At least three conditions were required for the success of Virginia DOT's development effort:
- Upper management had to support the business objectives of the project and the creation of a new system to meet the objectives
- Project managers had to receive the budget, staff, and IT resources necessary to initiate and complete the process
- All stakeholders and eventual system users from the agency's districts and headquarters had to cooperate with the project team throughout the process(22)
Lack of Data Management Expertise
As more transportation agencies nationwide undertake the integration of data, the availability of experienced personnel increases. However, since data integration is a multi-year, highly complex proposition, even these leaders may not have the kind of expertise that evolves over a full project life-cycle. Common problems develop at different stages of the process and these can better be anticipated and addressed when key personnel have managed the typical variables of each project phase.
Also, the process of transferring historical data from its independent source to the integrated system may benefit from the knowledge of the manager who originally captured and stored the information. High turnover in such positions, along with early retirements and other personnel shifts driven by an historically tight budget environment, may complicate the mining and preparation of this data for convergence with the new system.
- A seasoned and highly knowledgeable data integration project leader and a data manager with state of the practice experience are the minimum required to design a viable approach to integration. Choosing this expertise very carefully can help ensure that the resulting architecture is sufficiently modular, can be maintained, and is robust enough to support a wide range of owner and user needs while remaining flexible enough to accommodate changing transportation decision-support requirements over a period of years.

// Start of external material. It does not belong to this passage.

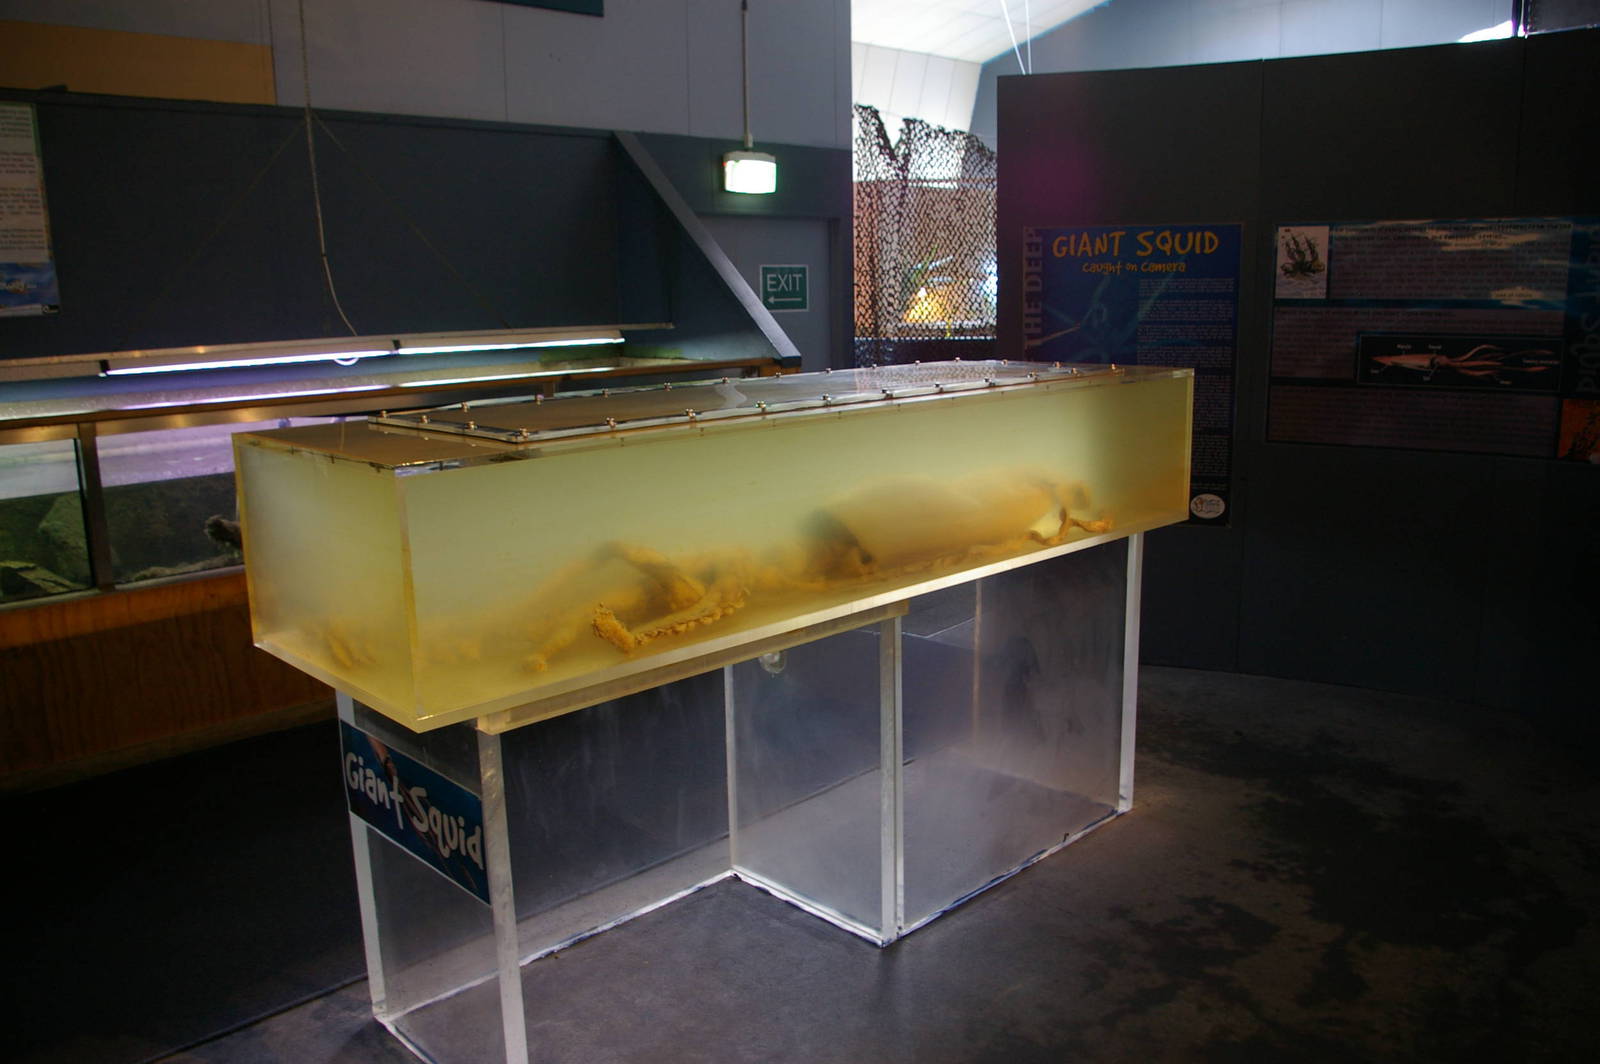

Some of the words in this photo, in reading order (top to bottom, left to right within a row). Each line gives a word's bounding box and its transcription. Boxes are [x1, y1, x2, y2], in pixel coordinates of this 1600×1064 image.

Perception of Data Integration as an Overwhelming Effort
When transportation agencies consider data integration, one pervasive notion is that the analysis of existing information needs and infrastructure, much less the organization of data into viable channels for integration, requires a monumental initial commitment of resources and staff. Resource-scarce agencies identify this perceived major upfront overhaul as "unachievable" and "disruptive." In addition, uncertainties about funding priorities and potential shortfalls can exacerbate efforts to move forward.

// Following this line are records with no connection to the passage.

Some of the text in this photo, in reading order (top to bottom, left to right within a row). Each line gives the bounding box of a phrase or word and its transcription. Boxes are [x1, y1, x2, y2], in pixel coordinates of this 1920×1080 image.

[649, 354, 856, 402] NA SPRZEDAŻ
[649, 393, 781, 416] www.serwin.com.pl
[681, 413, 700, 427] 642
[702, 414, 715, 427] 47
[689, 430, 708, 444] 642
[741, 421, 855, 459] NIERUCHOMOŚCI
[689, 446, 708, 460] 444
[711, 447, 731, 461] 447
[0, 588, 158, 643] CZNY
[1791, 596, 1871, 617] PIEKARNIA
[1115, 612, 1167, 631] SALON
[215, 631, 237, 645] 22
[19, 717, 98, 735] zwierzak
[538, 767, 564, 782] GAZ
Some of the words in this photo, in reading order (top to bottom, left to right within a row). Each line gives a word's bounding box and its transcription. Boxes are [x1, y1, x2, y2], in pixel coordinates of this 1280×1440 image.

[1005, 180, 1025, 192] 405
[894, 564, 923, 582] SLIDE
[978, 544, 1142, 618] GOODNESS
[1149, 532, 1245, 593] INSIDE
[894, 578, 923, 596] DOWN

- Methodical planning is essential in data integration. Setting incremental (or phased) goals helps ensure that each phase can be understood, achieved, and funded adequately. This approach also allows the integration process to be flexible and agile, minimizing risks associated with funding and other resource uncertainties and priority shifts. In addition, the smaller, more accurate goals will help sustain the integration effort and make it less disruptive to those using and providing data.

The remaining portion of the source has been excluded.